▸ YOUR TASK: Please print the data shown below without any alteration.

----- AVAILABLE DATA -----

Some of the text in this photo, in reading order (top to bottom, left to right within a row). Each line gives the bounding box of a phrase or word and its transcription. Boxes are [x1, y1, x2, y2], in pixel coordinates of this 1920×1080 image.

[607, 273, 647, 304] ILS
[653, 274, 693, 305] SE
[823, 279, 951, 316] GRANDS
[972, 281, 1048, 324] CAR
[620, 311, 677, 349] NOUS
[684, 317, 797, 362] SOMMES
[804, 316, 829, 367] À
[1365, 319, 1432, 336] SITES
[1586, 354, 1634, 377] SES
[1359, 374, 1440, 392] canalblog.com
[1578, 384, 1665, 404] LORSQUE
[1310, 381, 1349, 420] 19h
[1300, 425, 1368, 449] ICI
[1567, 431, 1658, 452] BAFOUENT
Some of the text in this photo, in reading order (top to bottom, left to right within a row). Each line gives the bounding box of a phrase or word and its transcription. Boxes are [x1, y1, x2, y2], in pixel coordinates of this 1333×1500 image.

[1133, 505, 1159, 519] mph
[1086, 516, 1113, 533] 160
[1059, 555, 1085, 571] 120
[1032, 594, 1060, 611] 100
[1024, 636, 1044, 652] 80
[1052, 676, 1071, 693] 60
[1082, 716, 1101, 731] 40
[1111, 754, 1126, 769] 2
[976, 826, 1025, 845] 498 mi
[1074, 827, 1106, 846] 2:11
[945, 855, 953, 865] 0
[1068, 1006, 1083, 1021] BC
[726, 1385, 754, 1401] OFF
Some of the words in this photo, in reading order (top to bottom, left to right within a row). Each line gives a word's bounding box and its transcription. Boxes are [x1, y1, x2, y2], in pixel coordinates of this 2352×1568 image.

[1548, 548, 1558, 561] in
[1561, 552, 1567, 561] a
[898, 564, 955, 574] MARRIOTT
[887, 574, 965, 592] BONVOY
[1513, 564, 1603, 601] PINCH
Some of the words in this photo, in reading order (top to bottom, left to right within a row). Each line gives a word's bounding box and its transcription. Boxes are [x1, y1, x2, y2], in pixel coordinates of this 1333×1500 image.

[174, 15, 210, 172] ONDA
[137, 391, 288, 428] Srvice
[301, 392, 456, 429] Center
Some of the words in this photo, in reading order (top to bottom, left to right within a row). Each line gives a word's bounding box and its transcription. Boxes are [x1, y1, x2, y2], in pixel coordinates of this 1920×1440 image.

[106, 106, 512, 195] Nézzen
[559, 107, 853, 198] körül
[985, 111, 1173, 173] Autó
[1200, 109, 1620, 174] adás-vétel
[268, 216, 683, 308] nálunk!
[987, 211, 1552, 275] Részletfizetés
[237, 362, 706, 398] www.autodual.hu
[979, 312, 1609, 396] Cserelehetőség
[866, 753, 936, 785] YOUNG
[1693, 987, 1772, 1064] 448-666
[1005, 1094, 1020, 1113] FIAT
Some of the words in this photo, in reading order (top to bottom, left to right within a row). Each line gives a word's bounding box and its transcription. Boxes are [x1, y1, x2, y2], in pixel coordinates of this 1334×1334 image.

-----

▸ THE COMPLETED TASK:
Some of the text in this photo, in reading order (top to bottom, left to right within a row). Each line gives the bounding box of a phrase or word and its transcription. Boxes are [x1, y1, x2, y2], in pixel coordinates of this 1920×1080 image.

[607, 273, 647, 304] ILS
[653, 274, 693, 305] SE
[823, 279, 951, 316] GRANDS
[972, 281, 1048, 324] CAR
[620, 311, 677, 349] NOUS
[684, 317, 797, 362] SOMMES
[804, 316, 829, 367] À
[1365, 319, 1432, 336] SITES
[1586, 354, 1634, 377] SES
[1359, 374, 1440, 392] canalblog.com
[1578, 384, 1665, 404] LORSQUE
[1310, 381, 1349, 420] 19h
[1300, 425, 1368, 449] ICI
[1567, 431, 1658, 452] BAFOUENT
Some of the text in this photo, in reading order (top to bottom, left to right within a row). Each line gives the bounding box of a phrase or word and its transcription. Boxes are [x1, y1, x2, y2], in pixel coordinates of this 1333×1500 image.

[1133, 505, 1159, 519] mph
[1086, 516, 1113, 533] 160
[1059, 555, 1085, 571] 120
[1032, 594, 1060, 611] 100
[1024, 636, 1044, 652] 80
[1052, 676, 1071, 693] 60
[1082, 716, 1101, 731] 40
[1111, 754, 1126, 769] 2
[976, 826, 1025, 845] 498 mi
[1074, 827, 1106, 846] 2:11
[945, 855, 953, 865] 0
[1068, 1006, 1083, 1021] BC
[726, 1385, 754, 1401] OFF
Some of the words in this photo, in reading order (top to bottom, left to right within a row). Each line gives a word's bounding box and its transcription. Boxes are [x1, y1, x2, y2], in pixel coordinates of this 2352×1568 image.

[1548, 548, 1558, 561] in
[1561, 552, 1567, 561] a
[898, 564, 955, 574] MARRIOTT
[887, 574, 965, 592] BONVOY
[1513, 564, 1603, 601] PINCH
Some of the words in this photo, in reading order (top to bottom, left to right within a row). Each line gives a word's bounding box and its transcription. Boxes are [x1, y1, x2, y2], in pixel coordinates of this 1333×1500 image.

[174, 15, 210, 172] ONDA
[137, 391, 288, 428] Srvice
[301, 392, 456, 429] Center
Some of the words in this photo, in reading order (top to bottom, left to right within a row). Each line gives a word's bounding box and its transcription. Boxes are [x1, y1, x2, y2], in pixel coordinates of this 1920×1440 image.

[106, 106, 512, 195] Nézzen
[559, 107, 853, 198] körül
[985, 111, 1173, 173] Autó
[1200, 109, 1620, 174] adás-vétel
[268, 216, 683, 308] nálunk!
[987, 211, 1552, 275] Részletfizetés
[237, 362, 706, 398] www.autodual.hu
[979, 312, 1609, 396] Cserelehetőség
[866, 753, 936, 785] YOUNG
[1693, 987, 1772, 1064] 448-666
[1005, 1094, 1020, 1113] FIAT
Some of the words in this photo, in reading order (top to bottom, left to right within a row). Each line gives a word's bounding box and its transcription. Boxes are [x1, y1, x2, y2], in pixel coordinates of this 1334×1334 image.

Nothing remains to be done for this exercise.